■風力発電所 vs 生物多様性

 全世界には約35万基の風力タービンが散在しており、500ギガワット以上のクリーンで環境に優しい電力を発電し、世界の電力需要の4%を供給している。

 だが、風力発電所は鳥に死をもたらしており、約5万基の風力タービンがある米国だけで毎年最大で32万8000羽に上る、特に夜間に飛行する鳥が、高速回転するタービン翼との衝突で命を落としている。
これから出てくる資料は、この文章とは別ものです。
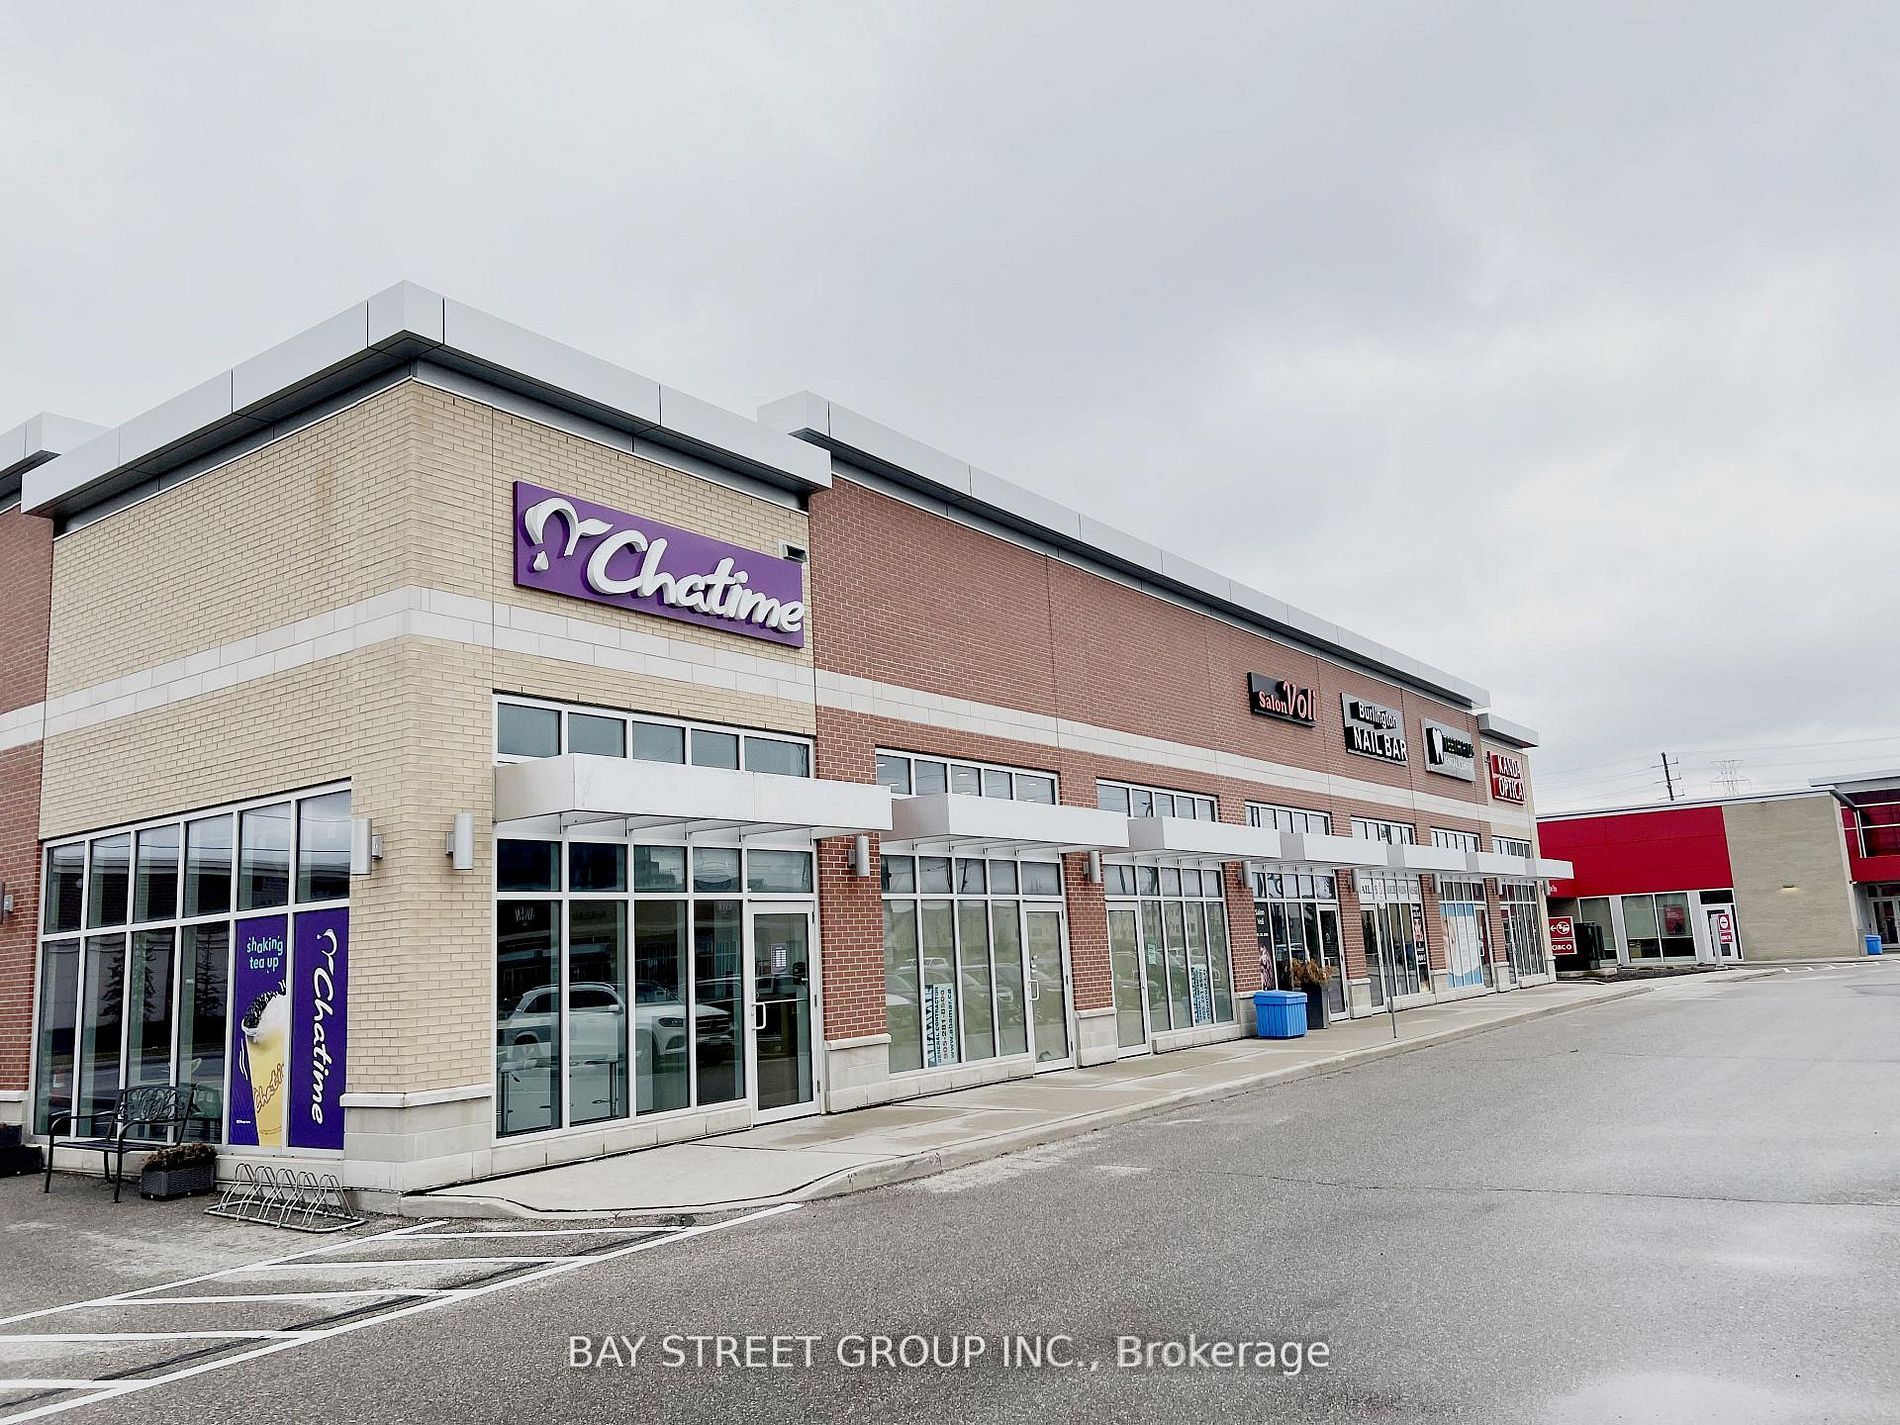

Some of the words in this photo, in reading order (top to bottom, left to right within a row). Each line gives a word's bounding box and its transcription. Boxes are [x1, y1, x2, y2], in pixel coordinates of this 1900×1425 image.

[587, 530, 804, 632] Chatime
[1259, 690, 1287, 714] Salon
[1283, 680, 1317, 720] Voli
[1358, 701, 1397, 728] Burlington
[1353, 726, 1383, 754] NAIL
[1384, 734, 1408, 761] BAR
[246, 935, 284, 956] shaking
[250, 956, 265, 970] tea
[266, 956, 279, 972] up
[311, 968, 334, 1125] Chatime
 さらに、風力発電所は生態系を混乱させる。インド・西ガーツ山脈(Western Ghats)にある風力発電所に関する科学的研究では、肉食猛禽類の個体数が他の地域に比べて4分の1ほど少ないことが明らかになった。西海岸地域に広がるこの山岳森林地帯は国連教育科学文化機関(UNESCO、ユネスコ)の世界自然遺産(World Heritage)に登録されている。

 猛禽類が姿を消した影響が食物連鎖の下位層へと波及し、猛禽類の餌となる小動物の個体数密度と行動を根本的に変化させた。特に、猛禽類が好んで捕食するファンスロートリザードと呼ばれるトカゲの個体数が急増したのだ。

■太陽電池パネル vs 土壌汚染

 フランスの調査ジャーナリスト、ギヨーム・ピトロン(Guillaume Pitron)氏によると、太陽光を吸収して発電する太陽光発電パネルには、知られたくない秘密があるという。

 この最も急速に成長している再生可能エネルギー源のソーラーパネルには、レアメタル(希少金属)やレアアース(希土類)が含まれており、これらは抽出に多大なエネルギーを必要とするだけでなく、その結果として環境破壊の跡を残す場合が多い。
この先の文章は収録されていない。